Australien verstärkt die Bemühungen, Feuerameisen auszurotten, nachdem Anfang November in der Nähe der Queensland-NSW Grenze ein neues Nest gefunden wurde.
Queensland-Beamte und Bürgermeister fordern die Bundesregierung auf, das nationale Unterdrückungsprogramm über 2027 hinaus zu verlängern und dem Staat 24 Millionen US-Dollar zuzuordnen.
Feuerameisen, die schmerzhafte Stiche verursachen und Landwirtschaft, Gesundheit und Tourismus bedrohen, haben sich seit 2019 auf Queensland, Western Australia und New South Wales ausgebreitet.
Allein in Logan wurden mehr als 8.200 Nester behandelt, wobei aufgrund von Sicherheitsbedenken Gemeinschaften Outdoor-Aktivitäten vermeiden.

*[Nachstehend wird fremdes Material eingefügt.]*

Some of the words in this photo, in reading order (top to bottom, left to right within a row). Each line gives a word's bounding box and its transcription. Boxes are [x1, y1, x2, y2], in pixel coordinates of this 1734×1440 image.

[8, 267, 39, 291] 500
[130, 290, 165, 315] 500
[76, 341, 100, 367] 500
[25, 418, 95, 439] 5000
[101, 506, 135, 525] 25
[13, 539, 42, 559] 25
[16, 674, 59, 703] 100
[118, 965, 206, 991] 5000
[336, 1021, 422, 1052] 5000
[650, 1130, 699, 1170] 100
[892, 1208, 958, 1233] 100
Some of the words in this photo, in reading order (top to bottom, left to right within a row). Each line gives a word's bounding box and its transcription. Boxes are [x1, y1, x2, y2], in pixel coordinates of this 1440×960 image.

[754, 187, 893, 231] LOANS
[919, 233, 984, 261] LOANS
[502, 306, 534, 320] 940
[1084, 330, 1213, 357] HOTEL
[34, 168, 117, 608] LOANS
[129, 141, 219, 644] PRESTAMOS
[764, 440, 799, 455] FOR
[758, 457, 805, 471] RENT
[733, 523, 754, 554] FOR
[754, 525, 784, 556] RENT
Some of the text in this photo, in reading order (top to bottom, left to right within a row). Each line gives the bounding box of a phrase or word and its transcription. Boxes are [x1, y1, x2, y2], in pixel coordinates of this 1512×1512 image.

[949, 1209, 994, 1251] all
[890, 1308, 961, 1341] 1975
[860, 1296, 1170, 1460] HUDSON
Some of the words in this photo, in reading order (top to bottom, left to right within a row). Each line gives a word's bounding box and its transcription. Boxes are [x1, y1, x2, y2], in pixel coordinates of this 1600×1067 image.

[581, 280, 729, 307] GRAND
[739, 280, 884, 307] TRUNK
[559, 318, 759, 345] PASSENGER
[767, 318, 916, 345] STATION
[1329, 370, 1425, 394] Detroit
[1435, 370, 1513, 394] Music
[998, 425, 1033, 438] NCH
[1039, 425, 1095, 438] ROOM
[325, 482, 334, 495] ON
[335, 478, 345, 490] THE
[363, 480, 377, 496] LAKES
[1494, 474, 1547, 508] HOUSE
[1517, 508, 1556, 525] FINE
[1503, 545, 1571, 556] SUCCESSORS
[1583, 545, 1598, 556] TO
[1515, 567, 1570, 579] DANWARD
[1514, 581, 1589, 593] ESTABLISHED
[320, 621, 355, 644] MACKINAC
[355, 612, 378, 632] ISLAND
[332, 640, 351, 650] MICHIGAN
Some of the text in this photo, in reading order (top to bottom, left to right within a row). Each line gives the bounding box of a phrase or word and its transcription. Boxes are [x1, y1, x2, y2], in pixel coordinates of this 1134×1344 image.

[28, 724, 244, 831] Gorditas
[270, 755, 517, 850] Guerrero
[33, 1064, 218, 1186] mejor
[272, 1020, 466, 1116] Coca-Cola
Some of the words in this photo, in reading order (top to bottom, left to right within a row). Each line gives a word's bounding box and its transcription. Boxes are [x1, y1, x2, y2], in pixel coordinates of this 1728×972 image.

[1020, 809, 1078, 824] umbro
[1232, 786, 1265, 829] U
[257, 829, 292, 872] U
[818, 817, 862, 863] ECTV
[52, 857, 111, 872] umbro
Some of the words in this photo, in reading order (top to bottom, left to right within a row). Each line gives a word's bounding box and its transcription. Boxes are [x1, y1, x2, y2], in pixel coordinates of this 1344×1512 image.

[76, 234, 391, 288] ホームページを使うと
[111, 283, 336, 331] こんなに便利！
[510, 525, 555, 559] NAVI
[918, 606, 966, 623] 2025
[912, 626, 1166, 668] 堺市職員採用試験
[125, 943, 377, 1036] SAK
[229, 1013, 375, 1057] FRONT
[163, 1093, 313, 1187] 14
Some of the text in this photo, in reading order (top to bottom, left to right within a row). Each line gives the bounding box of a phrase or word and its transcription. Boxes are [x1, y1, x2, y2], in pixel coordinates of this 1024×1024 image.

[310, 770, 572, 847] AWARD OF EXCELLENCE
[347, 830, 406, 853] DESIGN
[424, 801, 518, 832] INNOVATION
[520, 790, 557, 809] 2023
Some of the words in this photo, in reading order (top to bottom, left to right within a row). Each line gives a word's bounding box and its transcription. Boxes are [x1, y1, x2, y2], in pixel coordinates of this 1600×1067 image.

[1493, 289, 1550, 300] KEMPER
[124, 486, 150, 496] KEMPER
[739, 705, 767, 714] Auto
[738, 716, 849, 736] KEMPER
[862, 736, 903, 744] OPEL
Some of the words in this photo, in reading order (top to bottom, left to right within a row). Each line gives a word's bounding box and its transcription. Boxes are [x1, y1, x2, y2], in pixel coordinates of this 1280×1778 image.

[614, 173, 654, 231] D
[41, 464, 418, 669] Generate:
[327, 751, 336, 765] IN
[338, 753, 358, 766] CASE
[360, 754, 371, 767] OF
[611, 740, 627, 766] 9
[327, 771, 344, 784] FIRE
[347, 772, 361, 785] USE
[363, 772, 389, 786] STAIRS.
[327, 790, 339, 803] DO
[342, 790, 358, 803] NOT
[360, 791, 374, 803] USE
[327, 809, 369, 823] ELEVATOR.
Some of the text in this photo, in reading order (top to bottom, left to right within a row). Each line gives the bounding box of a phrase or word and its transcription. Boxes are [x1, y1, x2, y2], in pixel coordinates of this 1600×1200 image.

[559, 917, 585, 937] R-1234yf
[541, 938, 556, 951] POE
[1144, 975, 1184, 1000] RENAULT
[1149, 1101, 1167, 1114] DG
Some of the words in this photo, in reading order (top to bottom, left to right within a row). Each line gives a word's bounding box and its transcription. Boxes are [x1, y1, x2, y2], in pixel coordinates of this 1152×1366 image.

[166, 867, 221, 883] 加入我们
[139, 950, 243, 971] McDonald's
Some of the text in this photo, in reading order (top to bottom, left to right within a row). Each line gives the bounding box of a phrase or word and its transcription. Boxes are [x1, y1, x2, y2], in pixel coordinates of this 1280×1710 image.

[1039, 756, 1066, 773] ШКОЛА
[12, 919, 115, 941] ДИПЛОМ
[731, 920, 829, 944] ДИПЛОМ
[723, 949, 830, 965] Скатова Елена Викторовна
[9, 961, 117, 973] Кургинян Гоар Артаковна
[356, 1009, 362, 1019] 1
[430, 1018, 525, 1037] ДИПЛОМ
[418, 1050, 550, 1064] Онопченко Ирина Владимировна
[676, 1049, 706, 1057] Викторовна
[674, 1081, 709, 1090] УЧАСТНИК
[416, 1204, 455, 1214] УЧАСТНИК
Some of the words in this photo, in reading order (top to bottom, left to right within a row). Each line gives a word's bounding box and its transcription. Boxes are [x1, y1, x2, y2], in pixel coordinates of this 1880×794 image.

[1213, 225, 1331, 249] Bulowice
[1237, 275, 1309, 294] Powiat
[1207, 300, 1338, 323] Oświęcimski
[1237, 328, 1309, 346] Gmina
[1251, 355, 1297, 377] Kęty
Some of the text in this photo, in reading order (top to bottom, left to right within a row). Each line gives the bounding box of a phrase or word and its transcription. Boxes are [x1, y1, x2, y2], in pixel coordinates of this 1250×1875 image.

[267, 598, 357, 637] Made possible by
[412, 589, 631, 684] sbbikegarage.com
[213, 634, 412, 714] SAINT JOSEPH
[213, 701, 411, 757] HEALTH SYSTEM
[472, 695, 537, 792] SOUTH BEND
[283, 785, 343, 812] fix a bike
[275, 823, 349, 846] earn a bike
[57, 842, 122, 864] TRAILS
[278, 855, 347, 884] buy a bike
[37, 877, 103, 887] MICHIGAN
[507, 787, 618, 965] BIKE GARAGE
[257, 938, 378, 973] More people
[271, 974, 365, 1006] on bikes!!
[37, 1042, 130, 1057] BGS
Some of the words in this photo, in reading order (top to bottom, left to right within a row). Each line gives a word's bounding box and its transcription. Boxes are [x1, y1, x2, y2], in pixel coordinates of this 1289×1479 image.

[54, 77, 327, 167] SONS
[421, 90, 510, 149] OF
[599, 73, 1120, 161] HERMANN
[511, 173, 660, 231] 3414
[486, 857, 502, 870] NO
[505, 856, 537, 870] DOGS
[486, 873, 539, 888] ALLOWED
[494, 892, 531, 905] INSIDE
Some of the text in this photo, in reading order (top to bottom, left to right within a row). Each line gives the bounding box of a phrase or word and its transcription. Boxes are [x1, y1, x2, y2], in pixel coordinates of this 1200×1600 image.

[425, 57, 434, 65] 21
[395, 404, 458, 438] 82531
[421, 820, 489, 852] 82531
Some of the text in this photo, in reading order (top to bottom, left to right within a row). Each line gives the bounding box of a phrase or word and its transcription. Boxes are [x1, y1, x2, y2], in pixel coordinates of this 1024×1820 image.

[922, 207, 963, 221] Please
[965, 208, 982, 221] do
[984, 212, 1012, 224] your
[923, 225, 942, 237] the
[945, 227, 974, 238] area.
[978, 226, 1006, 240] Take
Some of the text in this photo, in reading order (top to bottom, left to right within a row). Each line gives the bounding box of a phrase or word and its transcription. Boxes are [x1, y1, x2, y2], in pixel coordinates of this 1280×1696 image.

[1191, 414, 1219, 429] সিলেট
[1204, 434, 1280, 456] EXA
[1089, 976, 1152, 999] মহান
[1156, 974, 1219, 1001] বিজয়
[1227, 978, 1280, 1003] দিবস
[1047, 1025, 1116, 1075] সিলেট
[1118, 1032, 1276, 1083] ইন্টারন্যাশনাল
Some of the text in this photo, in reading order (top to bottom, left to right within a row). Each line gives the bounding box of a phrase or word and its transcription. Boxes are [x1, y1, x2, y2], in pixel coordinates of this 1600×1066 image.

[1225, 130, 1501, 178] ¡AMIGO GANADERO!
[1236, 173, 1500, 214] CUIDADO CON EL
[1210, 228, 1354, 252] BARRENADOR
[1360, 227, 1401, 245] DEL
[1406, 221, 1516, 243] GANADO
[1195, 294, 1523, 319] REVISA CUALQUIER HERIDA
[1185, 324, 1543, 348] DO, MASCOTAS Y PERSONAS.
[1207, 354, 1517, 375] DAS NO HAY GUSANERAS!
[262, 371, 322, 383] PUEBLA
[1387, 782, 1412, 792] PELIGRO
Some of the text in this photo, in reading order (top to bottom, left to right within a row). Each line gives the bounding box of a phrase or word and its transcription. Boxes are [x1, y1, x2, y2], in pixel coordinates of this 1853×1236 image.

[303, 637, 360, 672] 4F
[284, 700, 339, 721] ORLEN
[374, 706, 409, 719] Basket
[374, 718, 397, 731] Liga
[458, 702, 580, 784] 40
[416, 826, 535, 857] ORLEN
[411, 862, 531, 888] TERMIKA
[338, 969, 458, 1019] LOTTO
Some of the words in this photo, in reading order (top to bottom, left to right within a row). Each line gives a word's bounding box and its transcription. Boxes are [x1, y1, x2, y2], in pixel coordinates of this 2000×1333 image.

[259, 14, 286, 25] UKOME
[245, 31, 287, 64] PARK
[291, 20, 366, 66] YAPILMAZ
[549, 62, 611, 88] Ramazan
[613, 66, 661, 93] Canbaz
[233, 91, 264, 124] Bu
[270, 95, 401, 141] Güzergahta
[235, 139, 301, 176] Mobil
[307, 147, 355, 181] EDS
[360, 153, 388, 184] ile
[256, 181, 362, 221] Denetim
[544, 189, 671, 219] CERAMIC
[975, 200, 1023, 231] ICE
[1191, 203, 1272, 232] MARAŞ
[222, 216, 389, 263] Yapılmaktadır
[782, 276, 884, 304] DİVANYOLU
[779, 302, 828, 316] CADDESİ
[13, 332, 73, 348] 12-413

Experten warnen davor, dass eine unkontrollierte Verbreitung bis in die 2040er Jahre 22 Milliarden Dollar kosten könnte, was nachhaltige jährliche Investitionen in Höhe von 300 Millionen Dollar über zehn Jahre kosteneffektiver macht.
Während ein föderaler Vierjahresplan im Wert von 592,8 Millionen Dollar dazu beigetragen hat, die Ausbreitung einzudämmen, weisen Beamte darauf hin, dass die Nestdichten in den Unterdrückungszonen steigen, was das Risiko eines landesweiten Befalls hervorhebt, wenn die Aktion nicht erweitert wird.
Australia finds new fire ant nest, urging expanded federal funding to prevent widespread damage.